The above emphasis was on human-computer affect communication. Most of this also applies to human-human communication when mediated by a computer, although in the case of the latter it is not necessarily desirable that the machine interpret or recognize the emotional signals, only that the machine facilitate the priority and accuracy of their transmission. An example of a system designed explicitly to expand human-human communication capabilities via computer is the TouchPhone, developed by Jocelyn Scheirer in our group (Figure 5). The TouchPhone augments regular voice communication with pressure information, indicating how tightly the speaker is holding the phone. The pressure is mapped to a color seen by the person on the other side—calibrated to blue if light pressure is applied and to red if strong pressure. No interpretation of this signal is performed by the computer; the color signal is simply transmitted to the conversational partner as an additional channel of information.

Figure 5Figure 5

I have met with four of my students over four hours of TouchPhone conversations, and the results, although anecdotal, were interesting and were consistent with other experiences we have had with this and other emotion-communication technologies we have been developing. I found that each of the four students had a nearly unique color flicker pattern, which was distracting at first. After I moved the color pattern into my periphery, it became an ambient background pattern that was no longer distracting, adding a flavor of background rhythm to the conversation. For one student, the pattern changed very slowly, becoming stable red when I started asking some research questions. I thought nothing of it, because he could have simply been squeezing the phone more tightly by shifting his position. However, even though he knew that I could not interpret his feelings from the color, he informed me that he was not trying to squeeze it tighter at all, and he thought it was red because he was stressed about a question I asked him. This person was a very nonexpressive, down-to-earth engineering student who had never revealed such signs of stress to me in the years of conversations we had had prior to this TouchPhone conversation. The technology thus facilitated his opening up a greater range of emotional communication, by his choice; it did not impose this on him, but it made it easier for him. The color was not an expression of how he or any of the students was truly feeling. However, the system provided a new channel of nonverbal communication that could, in turn, open up a new line of verbal communication. The TouchPhone is a new vehicle for carrying information that may change with emotion, but it will not reveal a person's emotion.

Reducing user frustration

Not only do many people feel frustration and distress with technology, but they also show it. A widely publicized 1999 study by Concord Communications in the United States found that 84 percent of help-desk managers surveyed said that users admitted to engaging in “violent and abusive” behavior toward computers. A survey by Mori of 1250 people who work with computers in the U.K. reported that four out of five of them have seen colleagues hurling abuse at their PCs, and a quarter of users under age 25 admitted to having kicked their computer.

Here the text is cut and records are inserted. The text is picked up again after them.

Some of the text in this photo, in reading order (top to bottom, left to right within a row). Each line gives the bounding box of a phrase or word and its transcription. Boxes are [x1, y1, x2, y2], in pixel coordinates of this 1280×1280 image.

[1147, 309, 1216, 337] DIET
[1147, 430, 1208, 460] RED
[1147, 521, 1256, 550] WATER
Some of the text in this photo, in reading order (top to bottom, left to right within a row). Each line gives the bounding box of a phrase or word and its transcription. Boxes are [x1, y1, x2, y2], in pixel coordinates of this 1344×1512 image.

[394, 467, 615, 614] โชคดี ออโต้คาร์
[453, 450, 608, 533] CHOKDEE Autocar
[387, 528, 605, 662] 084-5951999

It seems that no matter how hard researchers work on perfecting the machine and interface design, frustration can occur in the interaction. Researchers of human-computer interaction have worked hard to prevent frustration, which continues to be an important goal. However, despite their best efforts, an unforeseen situation often creates stress in the interaction. Even if computers were as smart as humans, they would still sometimes behave in a frustrating way, because even the most intelligent humans sometimes behave in a frustrating way. Hence, there is a need to address frustration at run time—detecting it, and responding to it.

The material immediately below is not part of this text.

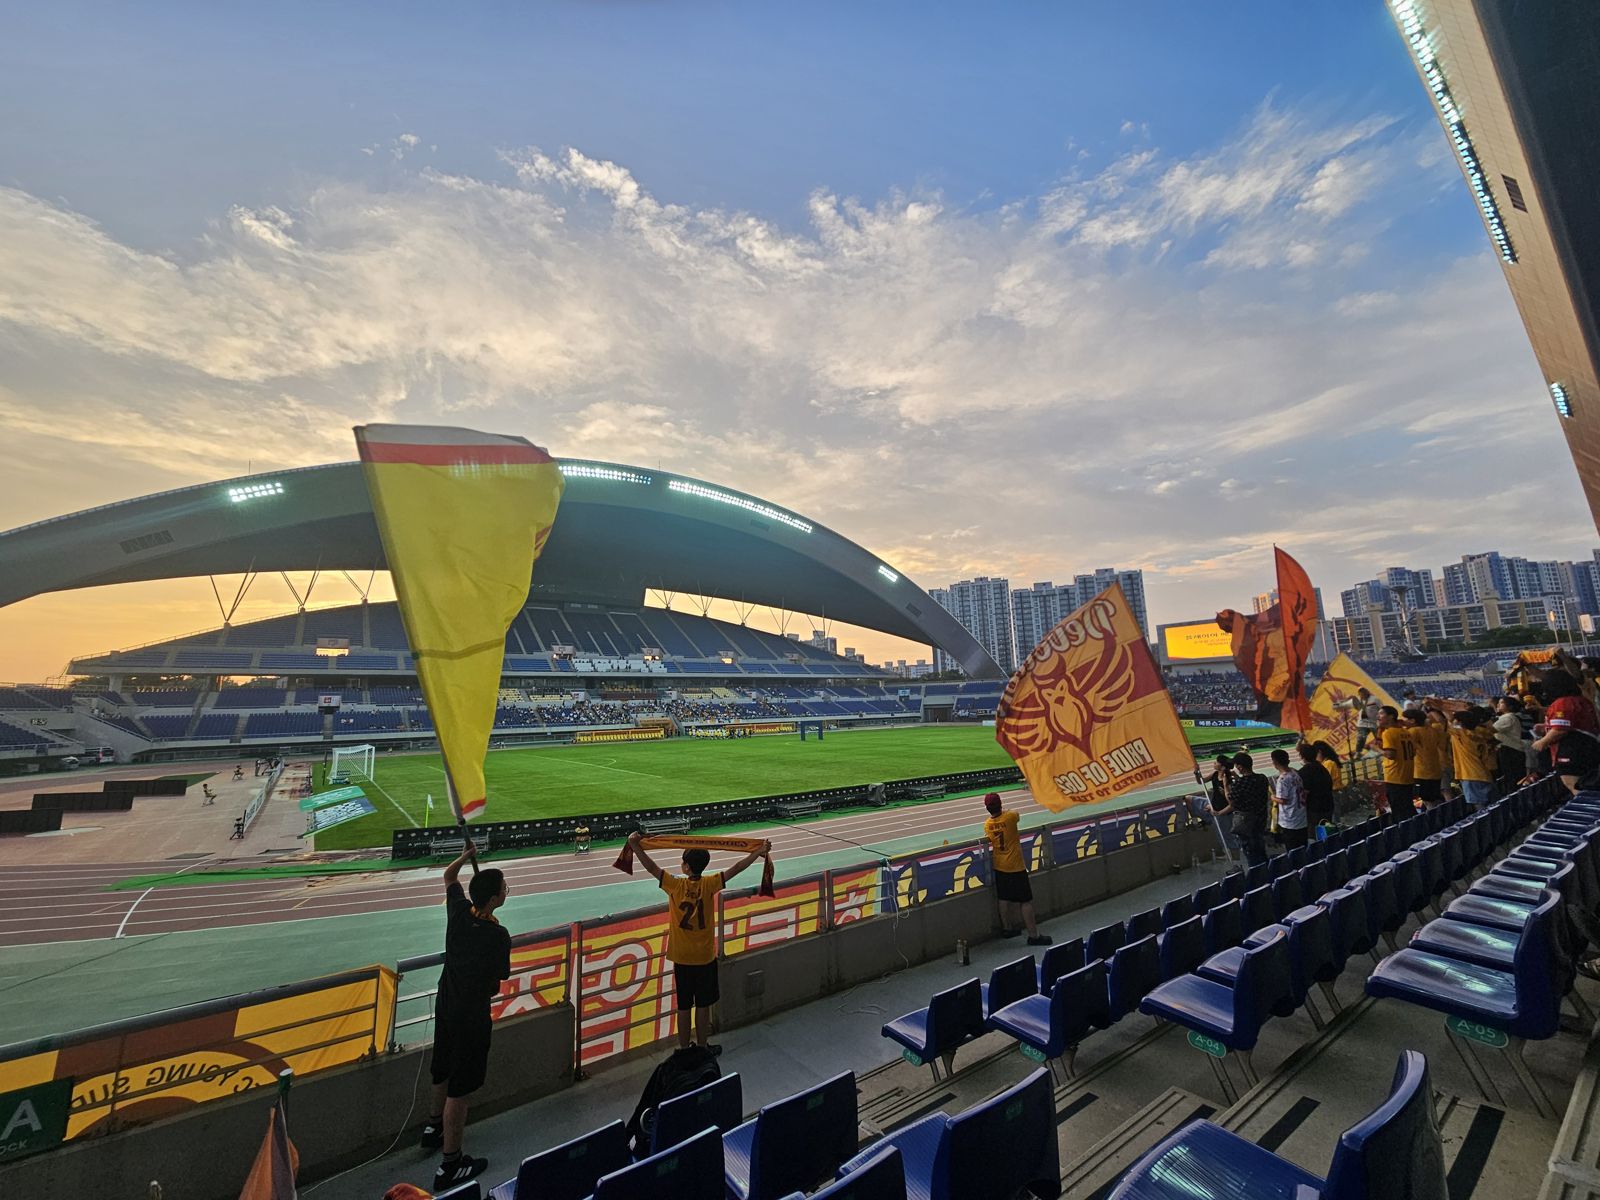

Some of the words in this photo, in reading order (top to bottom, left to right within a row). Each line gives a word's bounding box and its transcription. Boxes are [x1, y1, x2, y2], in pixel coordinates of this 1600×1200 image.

[678, 898, 705, 930] 21
[1457, 1019, 1496, 1038] A-05
[1195, 1034, 1219, 1050] A-04
[0, 1099, 42, 1140] A

I originally thought it would be easy to collect data from frustrated users. One could just ask them to sit in front of a computer running a particular software package, and—voilà! Alternatively, one could hire an actor to express emotions, and record them. If the actor used method acting or another technique to try to self-induce true emotional feelings, the results would closely approximate emotions that arise in natural situations. A student using visualization techniques for feeling different emotions was the method we used in collecting 30 days of physiology data.19,23 However, these examples are not as straightforward as they may seem at first: they are complicated by issues such as the artificiality of bringing people into laboratory settings, the mood and skill of an actor, whether or not an audience is present, the expectations of subjects who think you are trying to frustrate them, the unreliability of a given stimulus for inducing emotion, the fact that some emotions can be induced simply by a subject's thoughts (over which experimenters have little or no control), and the sheer difficulty of accurately sensing, synchronizing, and understanding the “ground truth” of emotional data. In response to these difficulties, we have begun to develop lab-based experimental methodologies for eliciting and gathering frustration data.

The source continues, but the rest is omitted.